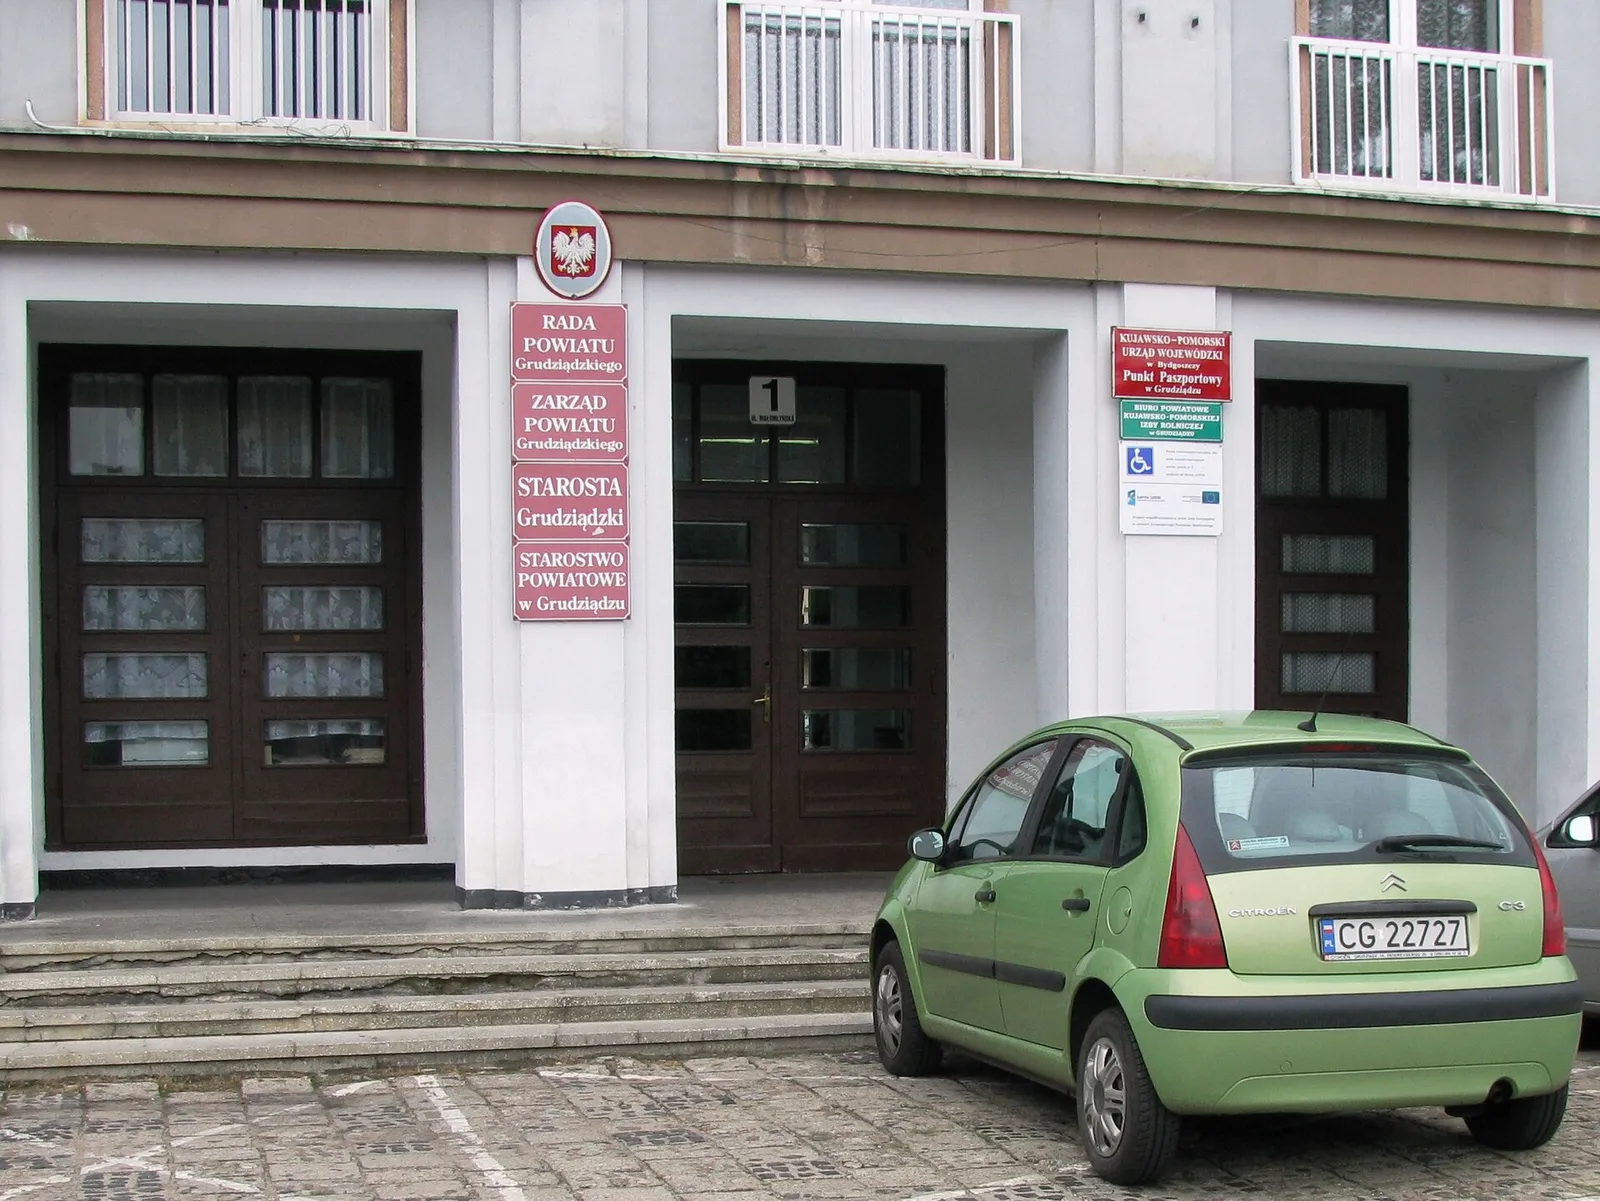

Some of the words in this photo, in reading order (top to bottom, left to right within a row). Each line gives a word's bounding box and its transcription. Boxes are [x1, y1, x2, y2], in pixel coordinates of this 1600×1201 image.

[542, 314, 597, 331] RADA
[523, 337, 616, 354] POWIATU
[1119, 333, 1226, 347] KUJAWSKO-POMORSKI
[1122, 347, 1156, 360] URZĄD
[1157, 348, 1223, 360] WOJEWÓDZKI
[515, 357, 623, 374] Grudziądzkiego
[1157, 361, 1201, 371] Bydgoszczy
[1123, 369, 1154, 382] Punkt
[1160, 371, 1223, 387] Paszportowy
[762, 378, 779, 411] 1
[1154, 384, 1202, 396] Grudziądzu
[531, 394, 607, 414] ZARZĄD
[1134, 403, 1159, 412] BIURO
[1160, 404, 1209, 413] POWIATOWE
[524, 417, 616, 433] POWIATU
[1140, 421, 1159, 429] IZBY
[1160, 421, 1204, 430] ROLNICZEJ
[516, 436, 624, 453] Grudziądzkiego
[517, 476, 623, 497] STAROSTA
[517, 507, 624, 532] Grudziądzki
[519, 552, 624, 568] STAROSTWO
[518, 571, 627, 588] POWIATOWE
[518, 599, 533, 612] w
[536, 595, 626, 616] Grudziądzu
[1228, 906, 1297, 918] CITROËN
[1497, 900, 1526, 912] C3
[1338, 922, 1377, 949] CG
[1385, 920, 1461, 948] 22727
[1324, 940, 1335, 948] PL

Prompt>
Exactly as written, return every line of the listing, but not the pictures.

Solution to this problem>
Some of the words in this photo, in reading order (top to bottom, left to right within a row). Each line gives a word's bounding box and its transcription. Boxes are [x1, y1, x2, y2], in pixel coordinates of this 1600×1201 image.

[542, 314, 597, 331] RADA
[523, 337, 616, 354] POWIATU
[1119, 333, 1226, 347] KUJAWSKO-POMORSKI
[1122, 347, 1156, 360] URZĄD
[1157, 348, 1223, 360] WOJEWÓDZKI
[515, 357, 623, 374] Grudziądzkiego
[1157, 361, 1201, 371] Bydgoszczy
[1123, 369, 1154, 382] Punkt
[1160, 371, 1223, 387] Paszportowy
[762, 378, 779, 411] 1
[1154, 384, 1202, 396] Grudziądzu
[531, 394, 607, 414] ZARZĄD
[1134, 403, 1159, 412] BIURO
[1160, 404, 1209, 413] POWIATOWE
[524, 417, 616, 433] POWIATU
[1140, 421, 1159, 429] IZBY
[1160, 421, 1204, 430] ROLNICZEJ
[516, 436, 624, 453] Grudziądzkiego
[517, 476, 623, 497] STAROSTA
[517, 507, 624, 532] Grudziądzki
[519, 552, 624, 568] STAROSTWO
[518, 571, 627, 588] POWIATOWE
[518, 599, 533, 612] w
[536, 595, 626, 616] Grudziądzu
[1228, 906, 1297, 918] CITROËN
[1497, 900, 1526, 912] C3
[1338, 922, 1377, 949] CG
[1385, 920, 1461, 948] 22727
[1324, 940, 1335, 948] PL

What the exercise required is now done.